• Activity
After finding the line that includes "this 1600×1066 image." in the records below, transcribe it and each line after it through the last, exactly, and add nothing.

[Dataset entries]
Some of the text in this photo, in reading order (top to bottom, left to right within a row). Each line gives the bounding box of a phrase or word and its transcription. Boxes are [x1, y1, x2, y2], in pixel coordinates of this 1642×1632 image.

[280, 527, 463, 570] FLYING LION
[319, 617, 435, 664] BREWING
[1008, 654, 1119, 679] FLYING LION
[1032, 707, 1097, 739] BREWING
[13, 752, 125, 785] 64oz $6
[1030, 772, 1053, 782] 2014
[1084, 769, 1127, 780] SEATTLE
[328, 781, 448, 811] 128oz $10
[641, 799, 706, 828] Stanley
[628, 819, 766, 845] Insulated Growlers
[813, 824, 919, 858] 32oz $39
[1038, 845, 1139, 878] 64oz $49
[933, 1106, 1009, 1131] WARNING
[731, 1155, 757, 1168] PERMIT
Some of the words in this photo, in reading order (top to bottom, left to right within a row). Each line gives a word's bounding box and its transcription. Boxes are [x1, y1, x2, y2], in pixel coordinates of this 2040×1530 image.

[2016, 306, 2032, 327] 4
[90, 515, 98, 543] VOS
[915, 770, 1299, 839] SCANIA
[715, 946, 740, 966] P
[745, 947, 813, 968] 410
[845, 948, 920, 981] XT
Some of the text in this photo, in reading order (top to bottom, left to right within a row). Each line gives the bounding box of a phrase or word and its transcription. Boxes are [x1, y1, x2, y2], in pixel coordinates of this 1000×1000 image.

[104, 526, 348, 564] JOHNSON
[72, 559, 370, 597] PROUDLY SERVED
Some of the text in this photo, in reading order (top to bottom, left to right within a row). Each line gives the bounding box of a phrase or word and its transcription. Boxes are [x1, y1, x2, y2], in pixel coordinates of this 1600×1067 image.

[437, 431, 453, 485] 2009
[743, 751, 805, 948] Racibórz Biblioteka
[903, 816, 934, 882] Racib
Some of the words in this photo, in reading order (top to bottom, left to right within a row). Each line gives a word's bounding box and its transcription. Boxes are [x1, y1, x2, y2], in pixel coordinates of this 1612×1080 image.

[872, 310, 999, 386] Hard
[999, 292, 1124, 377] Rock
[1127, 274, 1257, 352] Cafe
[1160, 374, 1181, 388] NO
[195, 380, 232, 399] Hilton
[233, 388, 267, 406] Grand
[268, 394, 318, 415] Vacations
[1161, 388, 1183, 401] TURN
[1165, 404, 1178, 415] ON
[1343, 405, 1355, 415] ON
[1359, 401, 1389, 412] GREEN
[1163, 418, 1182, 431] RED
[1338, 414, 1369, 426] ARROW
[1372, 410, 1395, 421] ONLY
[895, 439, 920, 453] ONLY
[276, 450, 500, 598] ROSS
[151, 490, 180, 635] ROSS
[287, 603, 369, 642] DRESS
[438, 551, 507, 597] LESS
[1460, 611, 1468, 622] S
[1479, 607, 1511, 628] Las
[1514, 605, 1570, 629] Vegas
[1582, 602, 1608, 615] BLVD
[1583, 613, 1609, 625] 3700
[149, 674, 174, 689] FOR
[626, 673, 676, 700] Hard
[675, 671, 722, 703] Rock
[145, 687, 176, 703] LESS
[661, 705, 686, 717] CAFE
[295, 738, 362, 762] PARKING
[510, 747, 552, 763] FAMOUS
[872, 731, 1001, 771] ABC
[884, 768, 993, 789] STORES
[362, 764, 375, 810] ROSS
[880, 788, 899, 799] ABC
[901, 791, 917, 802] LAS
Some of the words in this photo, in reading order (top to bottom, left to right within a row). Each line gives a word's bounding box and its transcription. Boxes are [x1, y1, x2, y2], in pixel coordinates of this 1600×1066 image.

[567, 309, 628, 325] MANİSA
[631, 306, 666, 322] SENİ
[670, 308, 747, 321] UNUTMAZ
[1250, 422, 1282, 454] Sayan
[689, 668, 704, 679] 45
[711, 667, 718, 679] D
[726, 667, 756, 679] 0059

• Exercise answer
Some of the words in this photo, in reading order (top to bottom, left to right within a row). Each line gives a word's bounding box and its transcription. Boxes are [x1, y1, x2, y2], in pixel coordinates of this 1600×1066 image.

[567, 309, 628, 325] MANİSA
[631, 306, 666, 322] SENİ
[670, 308, 747, 321] UNUTMAZ
[1250, 422, 1282, 454] Sayan
[689, 668, 704, 679] 45
[711, 667, 718, 679] D
[726, 667, 756, 679] 0059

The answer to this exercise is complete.